Categorized | Civil Justice Update

Class Action Fairness? Be Careful What You Ask For

The 7th circuit court of appeals issued a decision of caution to plaintiffs in mass tort cases around the country seeking consolidated proceedings in state court. Any time a request is made to consolidate cases in state court Plaintiff’s counsel better make clear it is not seeking consolidation for trial where more than 100 cases are involved or run the risk that all the cases will be removed to federal court under the Class Action Fairness Act. 
Excerpts from the opinion appear below.


TINDER, Circuit Judge.

[1] The parties petition us to resolve two conflicting district court decisions and decide whether a motion to consolidate and transfer related state court cases to one circuit court through trial constitutes a proposal to try the cases jointly, thus triggering the “mass action” provision of the Class Action Fairness Act (“CAFA”), 28 U.S.C. § 1332(d)(11)(B)(i). We grant the petitions for review in order to resolve the differing approaches by the two district courts, and because the petitions present a novel issue, see Koral v. Boeing Co., 628 F.3d 945, 946 (7th Cir.2011), where a decision will be helpful to future litigants. We hold that plaintiffs’ motion to consolidate did propose a joint trial, and thus removal was proper.

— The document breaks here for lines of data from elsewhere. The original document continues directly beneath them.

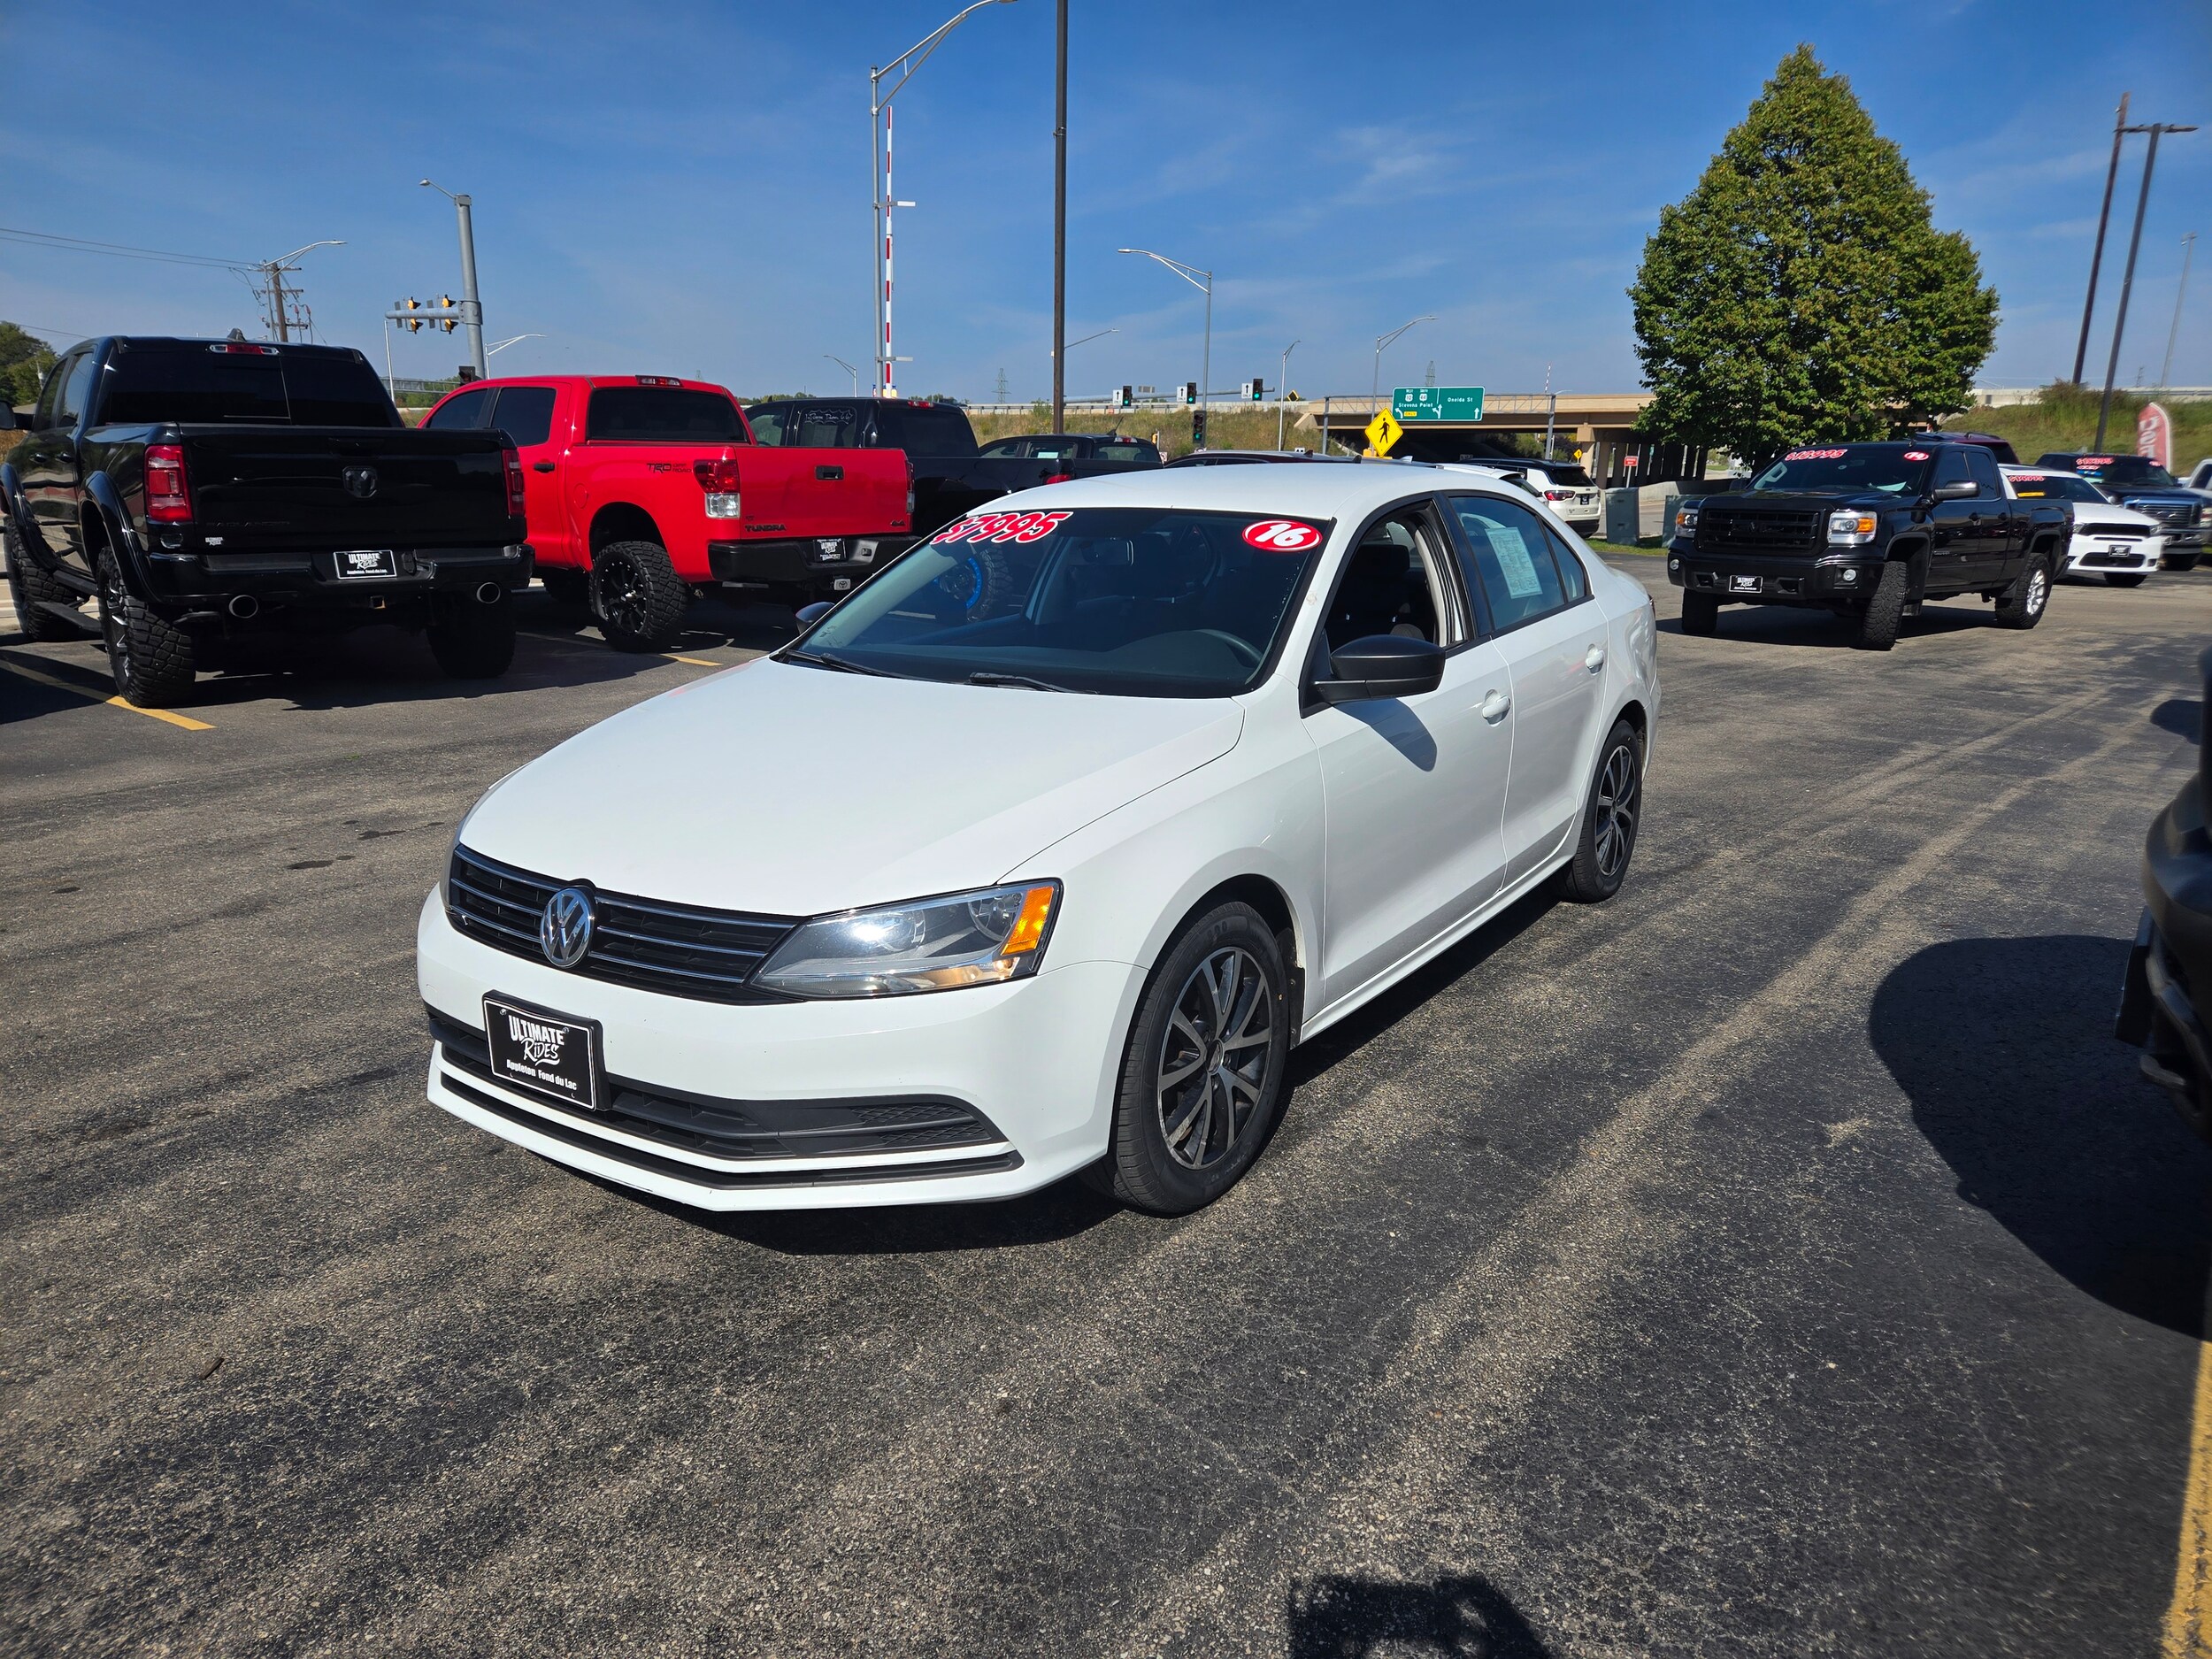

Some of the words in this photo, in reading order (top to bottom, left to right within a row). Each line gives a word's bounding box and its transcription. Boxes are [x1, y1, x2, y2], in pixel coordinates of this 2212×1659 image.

[647, 463, 672, 473] TRD
[1255, 523, 1312, 547] 16
[348, 552, 381, 564] ULTIMATE
[509, 1015, 565, 1045] ULTIMATE
[506, 1059, 536, 1077] Appleton
[538, 1069, 556, 1085] Fond
[555, 1075, 565, 1087] du
[565, 1079, 577, 1090] Lac

Between August 2010 and November 2011 several hundred plaintiffs filed ten lawsuits in Illinois state court against Abbott Laboratories for personal injuries they allege were caused by Depakote, a prescription medication Abbott developed and markets.1 Plaintiffs filed their lawsuits in St. Clair County, Madison County, and Cook County. In December 2011 plaintiffs moved the Supreme Court of Illinois to consolidate and transfer their cases *571 to St. Clair County, pursuant to Illinois Supreme Court Rule 384. Abbott opposed the motion, and as of this date, the Supreme Court has not ruled. Rule 384(a) says:

Motion to Consolidate—Transfer. When civil actions involving one or more common questions of fact or law are pending in different judicial circuits, and the supreme court determines that consolidation would serve the convenience of the parties and witnesses and would promote the just and efficient conduct of such actions, the supreme court may, on its own motion or on the motion of any party filed with the supreme court, transfer all such actions to one judicial circuit for consolidated pretrial, trial, or post-trial proceedings.

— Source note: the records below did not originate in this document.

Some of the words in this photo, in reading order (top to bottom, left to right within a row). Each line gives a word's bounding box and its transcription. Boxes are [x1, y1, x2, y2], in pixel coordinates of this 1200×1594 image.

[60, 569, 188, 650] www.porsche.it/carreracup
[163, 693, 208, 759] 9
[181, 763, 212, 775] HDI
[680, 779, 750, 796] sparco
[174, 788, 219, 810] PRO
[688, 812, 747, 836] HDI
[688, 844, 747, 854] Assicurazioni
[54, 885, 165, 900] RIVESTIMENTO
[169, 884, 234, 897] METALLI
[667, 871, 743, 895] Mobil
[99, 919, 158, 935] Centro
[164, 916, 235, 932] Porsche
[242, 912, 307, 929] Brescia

Plaintiffs asked for consolidation of their lawsuits in St. Clair County because the cases “present common questions of fact concerning Abbott’s development, testing, manufacturing, and marketing of Depakote, as well as common questions of law regarding Abbott’s liability for same” and “[c]onsolidation will eliminate duplicative discovery and pretrial litigation, prevent inconsistent pretrial and trial rulings, and thereby promote judicial efficiency.” In the memorandum in support of their motion, plaintiffs said they were requesting consolidation of the cases “through trial” and “not solely for pretrial proceedings.”2

Abbott removed each of the cases to federal court, asserting that the motion to consolidate brought the cases under CAFA’s “mass action” provision, which allows the removal of any case where 100 or more people propose to try their claims jointly. The cases filed in St. Clair County and Madison County were removed to the Southern District of Illinois and the cases filed in Cook County were removed to the Northern District of Illinois; plaintiffs moved to remand in both courts.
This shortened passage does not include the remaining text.